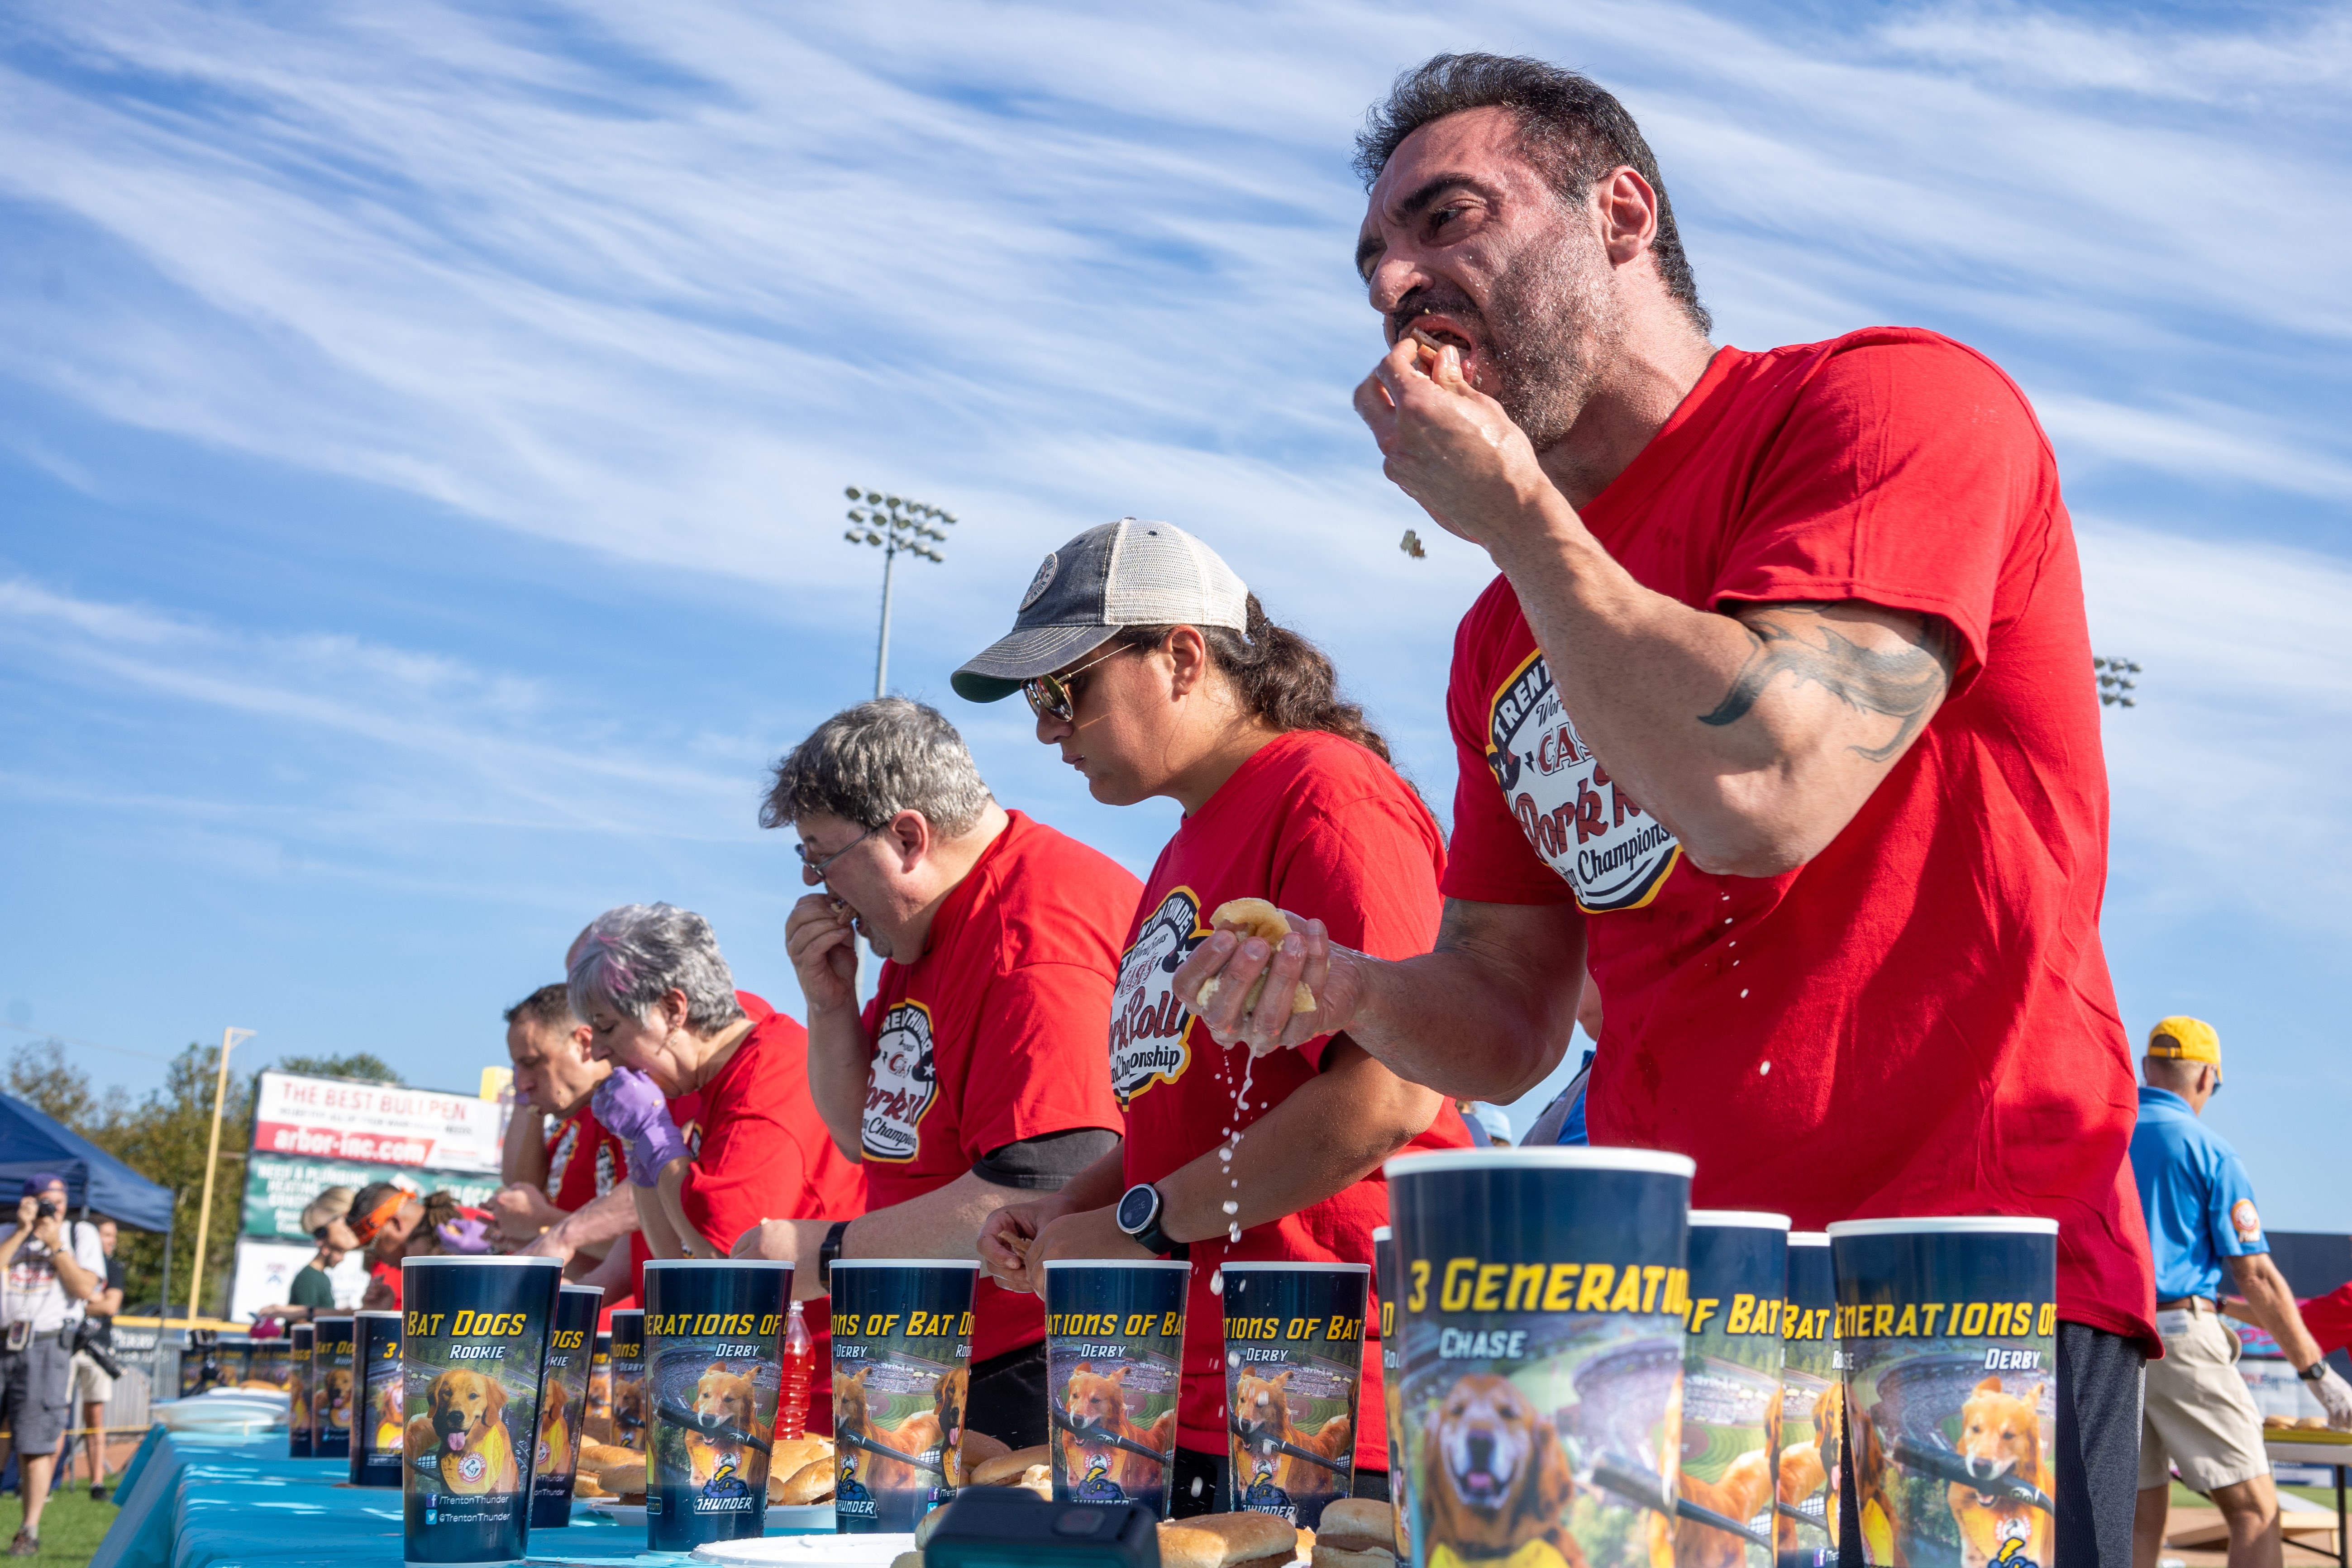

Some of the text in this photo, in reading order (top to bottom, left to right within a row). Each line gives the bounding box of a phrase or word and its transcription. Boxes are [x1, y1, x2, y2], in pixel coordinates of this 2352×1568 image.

[1030, 581, 1047, 600] UNION
[1536, 693, 1565, 728] Wor
[1515, 777, 1609, 863] Pork
[1577, 823, 1677, 885] Champions
[1109, 1003, 1128, 1058] ork
[282, 1082, 468, 1120] THE BEST BULLPEN
[274, 1128, 426, 1163] arbor-inc.com
[257, 1163, 292, 1180] NEED
[294, 1165, 304, 1180] A
[1407, 1259, 1431, 1312] 3
[407, 1310, 527, 1336] BAT DOGS
[759, 1314, 782, 1335] OF
[865, 1314, 900, 1335] OF
[905, 1311, 955, 1336] BAT
[1124, 1314, 1158, 1335] OF
[1726, 1293, 1782, 1334] BAT
[1286, 1318, 1322, 1339] OF
[1326, 1315, 1362, 1340] BAT
[383, 1342, 397, 1358] 3
[449, 1344, 506, 1359] ROOKIE
[715, 1343, 761, 1357] DERBY
[836, 1344, 869, 1358] DERBY
[1080, 1343, 1127, 1358] DERBY
[1439, 1327, 1528, 1358] CHASE
[1246, 1347, 1290, 1362] DERBY
[1984, 1347, 2042, 1371] DERBY
[439, 1495, 509, 1505] /TrentonThunder
[696, 1497, 753, 1511] THUNDER
[439, 1512, 510, 1522] @TrentonThunder
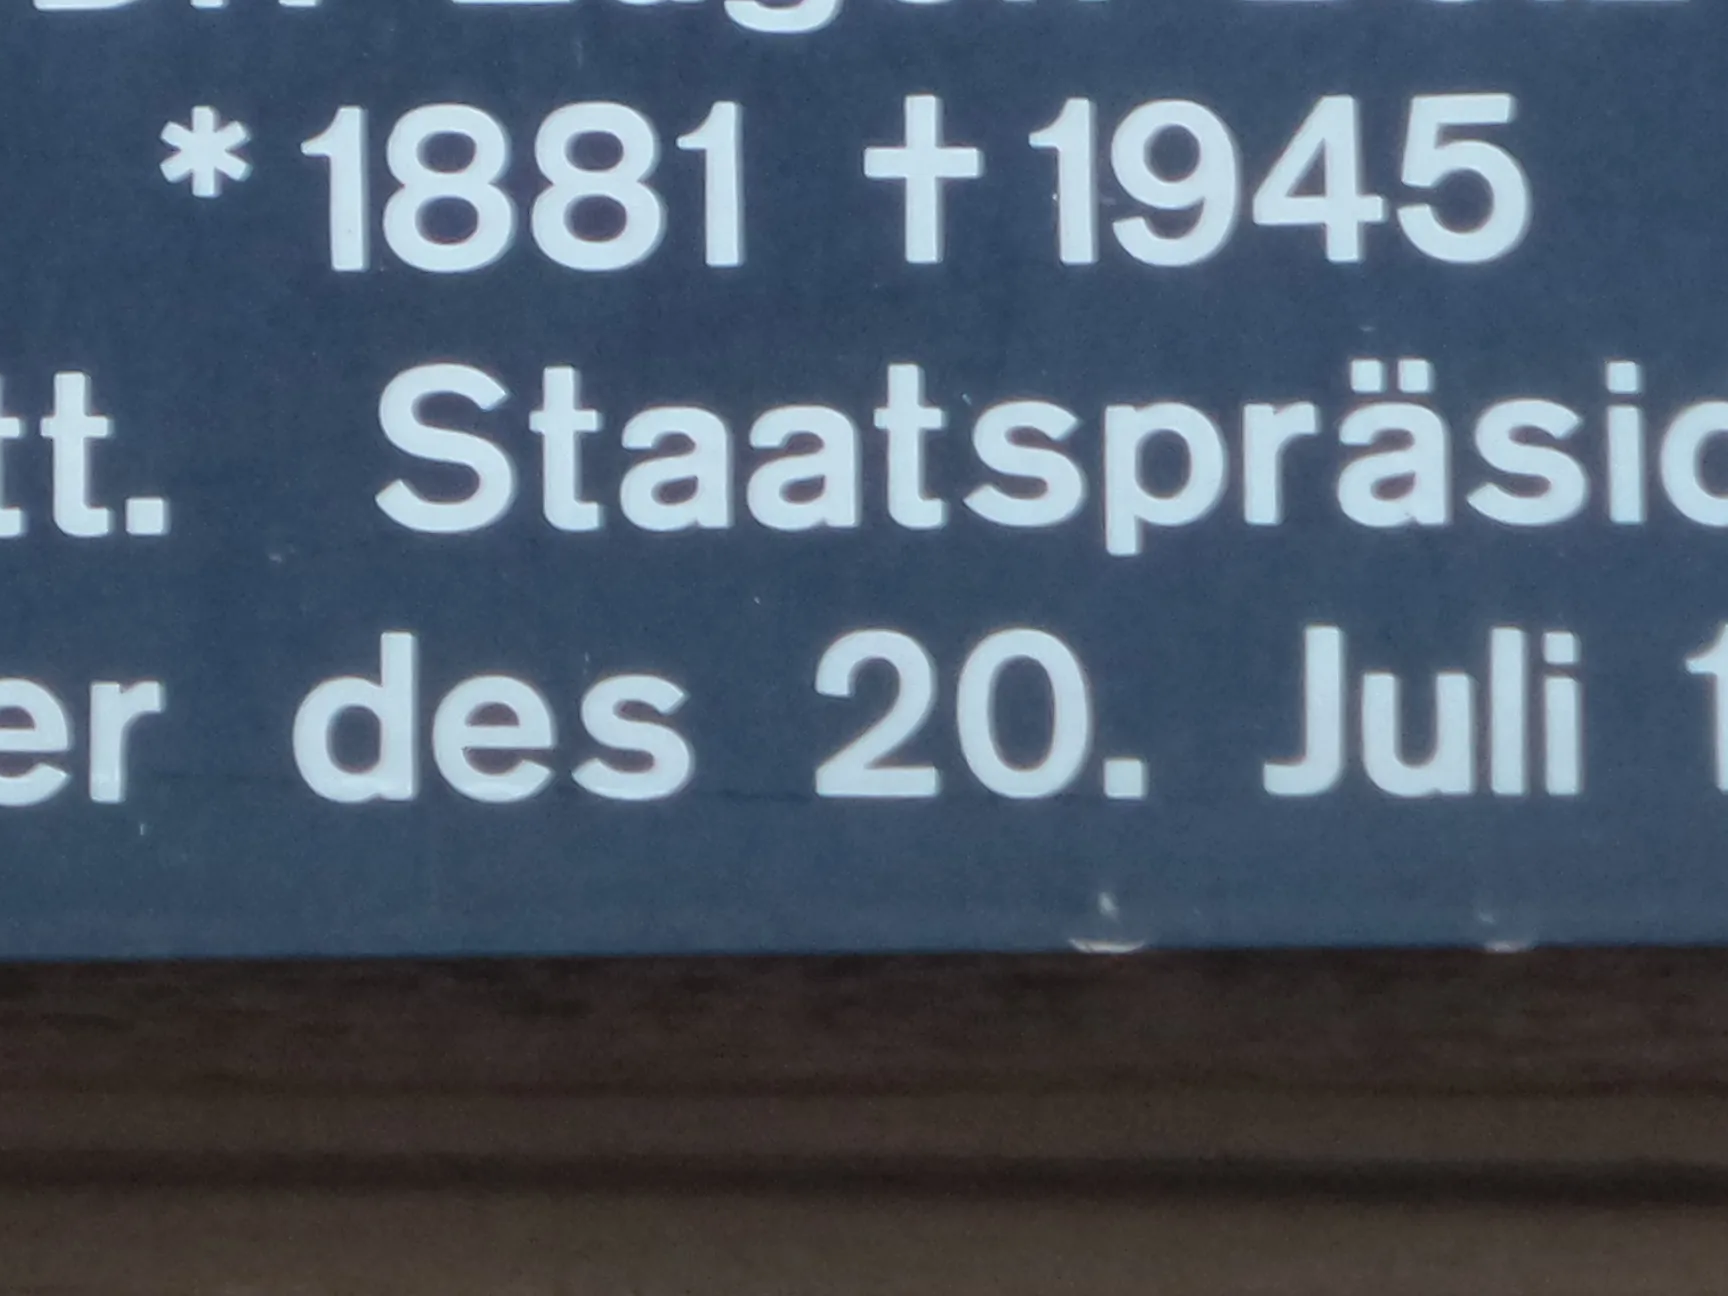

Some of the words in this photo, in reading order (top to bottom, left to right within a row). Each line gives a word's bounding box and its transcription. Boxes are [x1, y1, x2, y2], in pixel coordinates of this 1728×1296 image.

[292, 630, 693, 804] des
[814, 626, 1145, 800] 20.
[1262, 624, 1580, 798] Juli
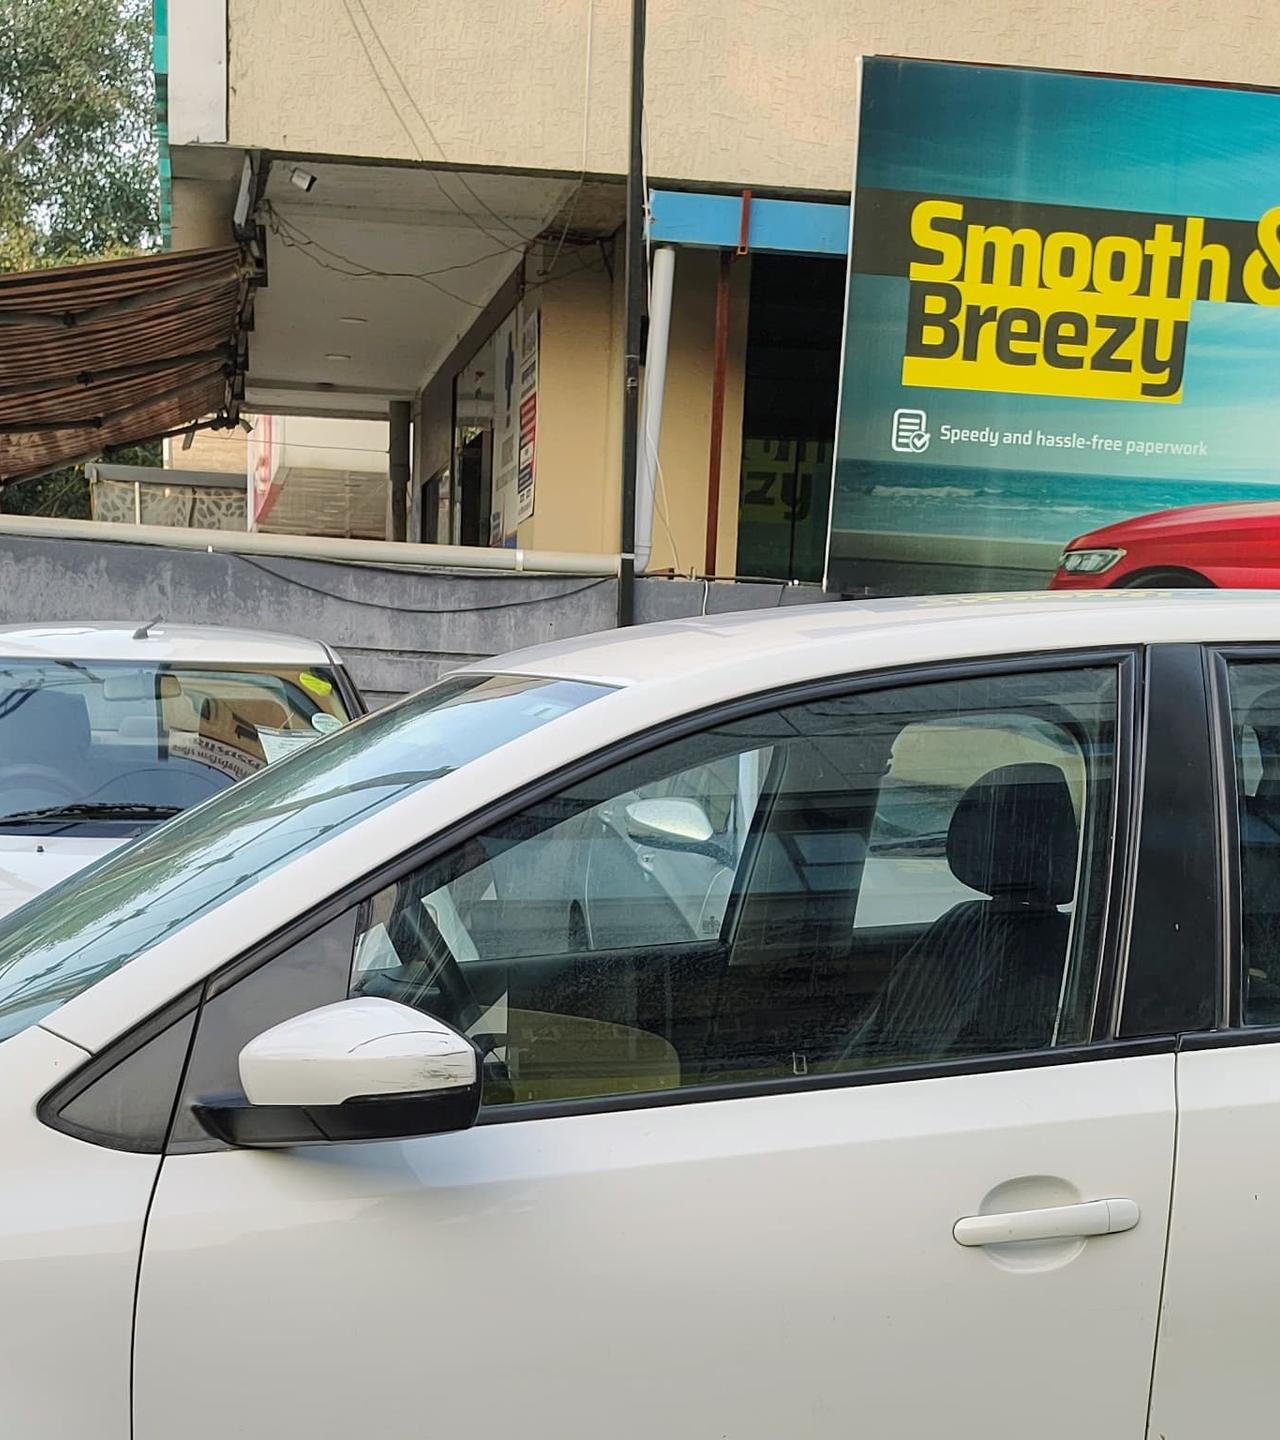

WHAT YOU SHOULD DO: Your copy should consist only of the lines from the line holding "Some of the words" through the final line of the listing above, both included, with all pictures omitted.

EXPECTED ANSWER:
Some of the words in this photo, in reading order (top to bottom, left to right within a row). Each line gives a word's bounding box and its transcription. Boxes are [x1, y1, x2, y2], in pixel coordinates of this 1728×1296 image.

[292, 630, 693, 804] des
[814, 626, 1145, 800] 20.
[1262, 624, 1580, 798] Juli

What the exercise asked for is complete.